2.治疗性穿刺:大量胸腔积液(或积气)导致呼吸困难、肺压缩>30%时,通过抽液(气)缓解压迫症状;脓胸或血胸需定期引流以控制感染或清除积血。
(二)禁忌症
1.绝对禁忌症:严重凝血功能障碍(血小板<50×10?/L或INR>1.5未纠正)、穿刺部位皮肤或皮下组织急性感染未控制。
2.相对禁忌症:呼吸功能严重衰竭(如COPD急性加重期)、患者无法配合(如意识障碍或精神异常)、严重肺气肿伴广泛肺大疱(穿刺后易并发气胸)。
(三)术前准备
1.患者评估:
-完善血常规、凝血功能(PT、APTT、PLT)、胸片或超声定位(明确积液深度、范围及距体表距离,避免盲穿)。
-测量生命体征(血压、心率、呼吸频率、血氧饱和度),记录基础值。
-签署知情同意书,向患者解释操作目的、风险(如气胸、出血、胸膜反应)及配合要点(避免咳嗽或突然转动体位)。
2.器械与药品:
-胸腔穿刺包(含穿刺针、5ml及50ml注射器、洞巾、弯盘、纱布)、无菌手套、消毒棉签(碘伏)、2%利多卡因(5-10ml)、止血钳、标本瓶(需抗凝管、普通管及细菌培养瓶)。
-急救药品(肾上腺素1mg、阿托品0.5mg)及设备(氧气、心电监护仪)备用。
(四)操作步骤
1.体位与定位:
-患者取坐位,面向椅背,双前臂平放于椅背上,前额伏于前臂(不能坐起者取半卧位,患侧上肢上举抱头)。

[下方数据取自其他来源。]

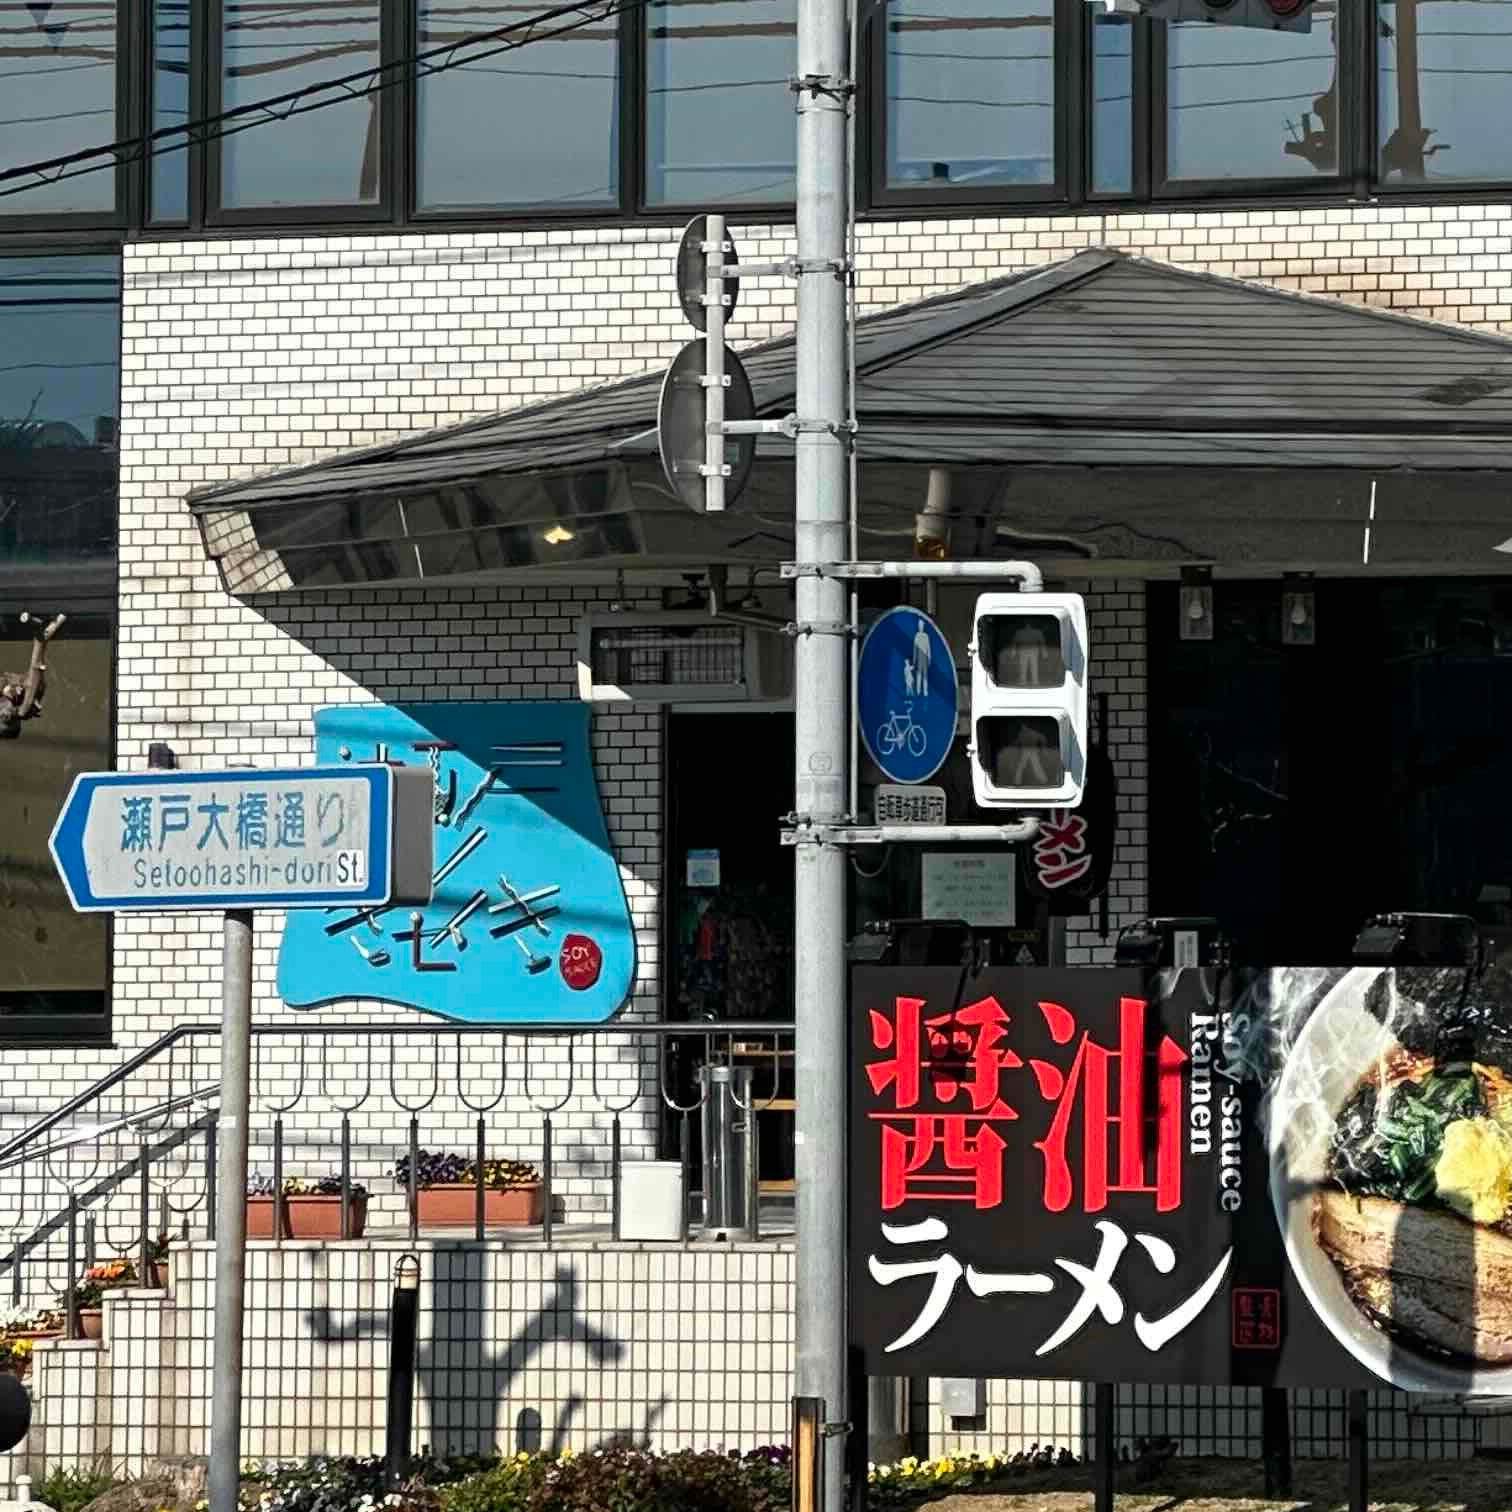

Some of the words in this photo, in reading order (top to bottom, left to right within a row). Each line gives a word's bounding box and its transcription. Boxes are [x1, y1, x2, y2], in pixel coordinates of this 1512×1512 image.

[121, 792, 345, 852] 瀬戸大橋通り
[337, 852, 364, 885] St.
[864, 995, 1190, 1213] 醤油
[1190, 1012, 1219, 1155] Ramen
[1213, 1012, 1250, 1212] Soy-sauce
[868, 1218, 1234, 1356] ラーメン

-超声定位标记穿刺点(液性暗区最大且距体表最近处,通常选腋后线或肩胛线第7-8肋间,或腋中线第6-7肋间);无超声时,叩诊实音最明显处为穿刺点,避开肋骨上缘(避免损伤肋间血管神经)。
2.消毒与麻醉:
-以穿刺点为中心,用碘伏环形消毒3遍,范围直径≥15cm;铺无菌洞巾。
-术者戴无菌手套,用5ml注射器抽取2%利多卡因,先在穿刺点皮内注射形成皮丘,再逐层浸润麻醉皮下、肌层至壁层胸膜(回抽无血后推注,注射时注意患者反应,避免误入血管)。
3.穿刺与抽液:
-检查穿刺针与橡胶管是否通畅,关闭橡胶管夹。术者左手固定穿刺点皮肤,右手持穿刺针(沿下一肋骨上缘垂直进针),当阻力突然消失(突破壁层胸膜)时,连接50ml注射器,打开橡胶管夹开始抽液。

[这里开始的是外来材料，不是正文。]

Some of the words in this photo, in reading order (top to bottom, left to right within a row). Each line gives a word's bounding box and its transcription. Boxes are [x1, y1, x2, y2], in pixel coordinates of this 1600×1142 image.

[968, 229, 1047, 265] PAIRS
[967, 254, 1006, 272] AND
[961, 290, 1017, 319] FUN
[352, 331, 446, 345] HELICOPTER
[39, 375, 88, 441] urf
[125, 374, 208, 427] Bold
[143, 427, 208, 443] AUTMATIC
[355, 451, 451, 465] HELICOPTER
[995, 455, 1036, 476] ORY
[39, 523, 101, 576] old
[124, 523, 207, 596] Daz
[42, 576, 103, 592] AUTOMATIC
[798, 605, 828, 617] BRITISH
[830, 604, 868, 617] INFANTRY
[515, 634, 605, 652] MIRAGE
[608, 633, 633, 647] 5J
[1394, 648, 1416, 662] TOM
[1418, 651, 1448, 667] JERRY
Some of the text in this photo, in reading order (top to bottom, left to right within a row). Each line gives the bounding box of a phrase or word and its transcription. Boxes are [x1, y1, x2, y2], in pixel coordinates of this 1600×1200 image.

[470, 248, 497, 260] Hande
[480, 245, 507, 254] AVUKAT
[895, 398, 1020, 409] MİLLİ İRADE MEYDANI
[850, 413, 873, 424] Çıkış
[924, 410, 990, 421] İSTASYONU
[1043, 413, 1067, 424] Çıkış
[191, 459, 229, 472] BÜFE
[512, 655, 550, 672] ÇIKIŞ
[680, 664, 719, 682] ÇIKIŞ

-诊断性抽液50-100ml,治疗性抽液首次≤600ml,后续每次≤1000ml(恶性积液可适当放宽至1500ml,但需密切监测患者反应)。抽液过程中需间断关闭橡胶管夹,避免空气进入胸腔。
-若为气胸抽气,可用三通阀连接注射器,抽气至患者症状缓解或肺复张(胸片确认)。
4.拔针与处理:
-抽液(气)结束后,迅速拔针,用无菌纱布按压穿刺点3-5分钟(凝血异常者延长至10分钟),覆盖无菌敷料并胶布固定。

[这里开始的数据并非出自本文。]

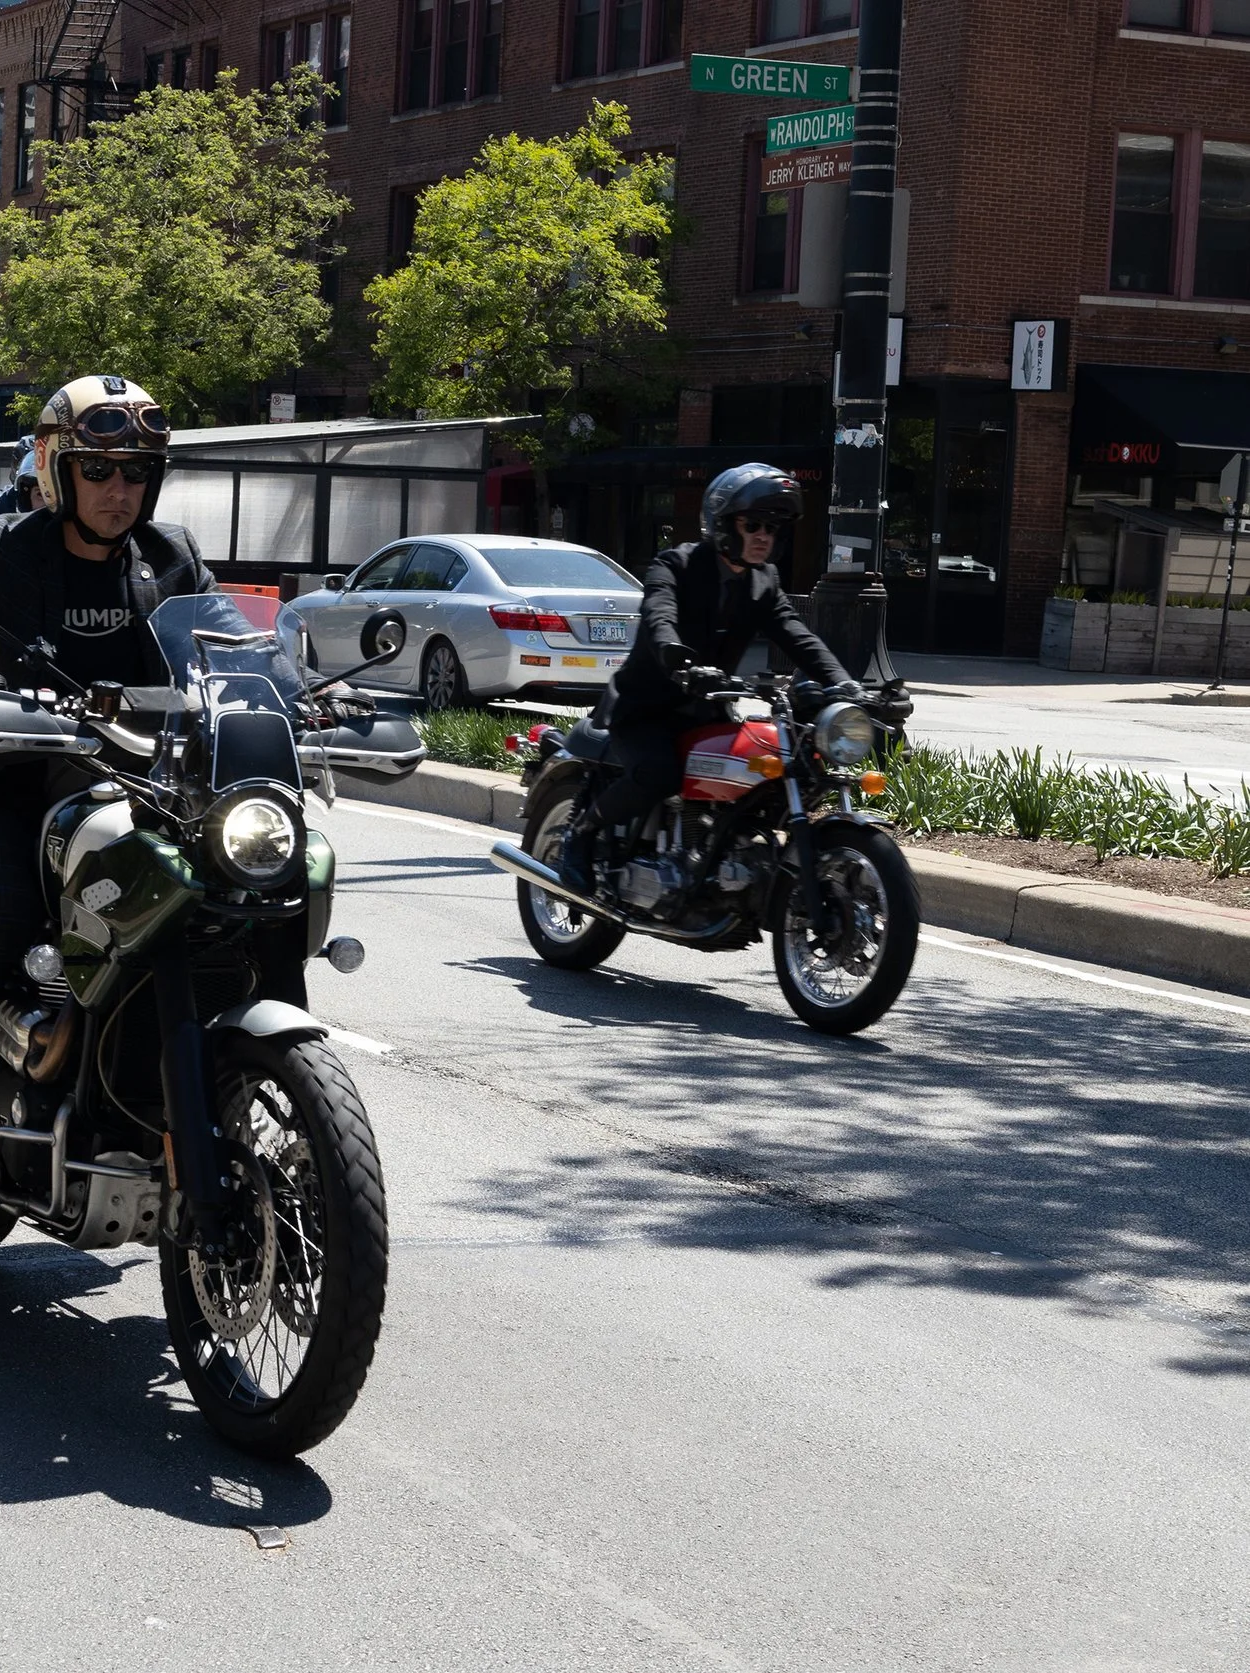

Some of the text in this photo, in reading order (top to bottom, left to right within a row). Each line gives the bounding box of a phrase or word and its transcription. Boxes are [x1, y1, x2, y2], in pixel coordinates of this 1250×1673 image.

-协助患者取舒适体位,监测生命体征30分钟(重点观察呼吸频率、血氧饱和度及有无胸痛、咳嗽)。
(五)术后处理与注意事项
1.标本及时送检(常规、生化需2小时内完成,细菌培养需严格无菌操作)。
2.记录抽液量、颜色及性状(如血性、脓性、乳糜样),若为血性积液需与血液鉴别(胸腔积液RBC/外周血RBC<1:10为血性积液,≥1:10考虑血胸)。
3.并发症处理:
-胸膜反应(头晕、冷汗、面色苍白、脉细弱):立即停止操作,取平卧位,吸氧,必要时静脉注射0.9%氯化钠注射液或肾上腺素0.3-0.5mg皮下注射。
-气胸(胸痛、呼吸困难、氧饱和度下降):小量气胸(肺压缩<20%)可观察;中大量气胸需行胸腔闭式引流。
-复张性肺水肿(抽液后突发咳嗽、咳粉红色泡沫痰):立即停止抽液,取半卧位,吸氧(高流量或无创通气),静脉注射呋塞米20-40mg。
二、纤维支气管镜检查术
(一)适应症
1.诊断性检查:不明原因的咳嗽(>8周)、咯血(尤其是痰中带血)、肺不张、肺部占位性病变(需获取病理或细胞学标本);气道狭窄或阻塞的病因诊断(如肿瘤、结核、异物)。
2.治疗性操作:清除气道内黏稠分泌物或血块(如重症肺炎、大咯血后);引导气管插管(困难气道);局部注药(如结核病灶内抗结核药物灌注)。
(二)禁忌症
1.绝对禁忌症:严重心功能不全(NYHA心功能Ⅳ级)、未控制的大咯血(24小时>500ml)、主动脉瘤(尤其是位于气管旁者,镜检可能诱发破裂)。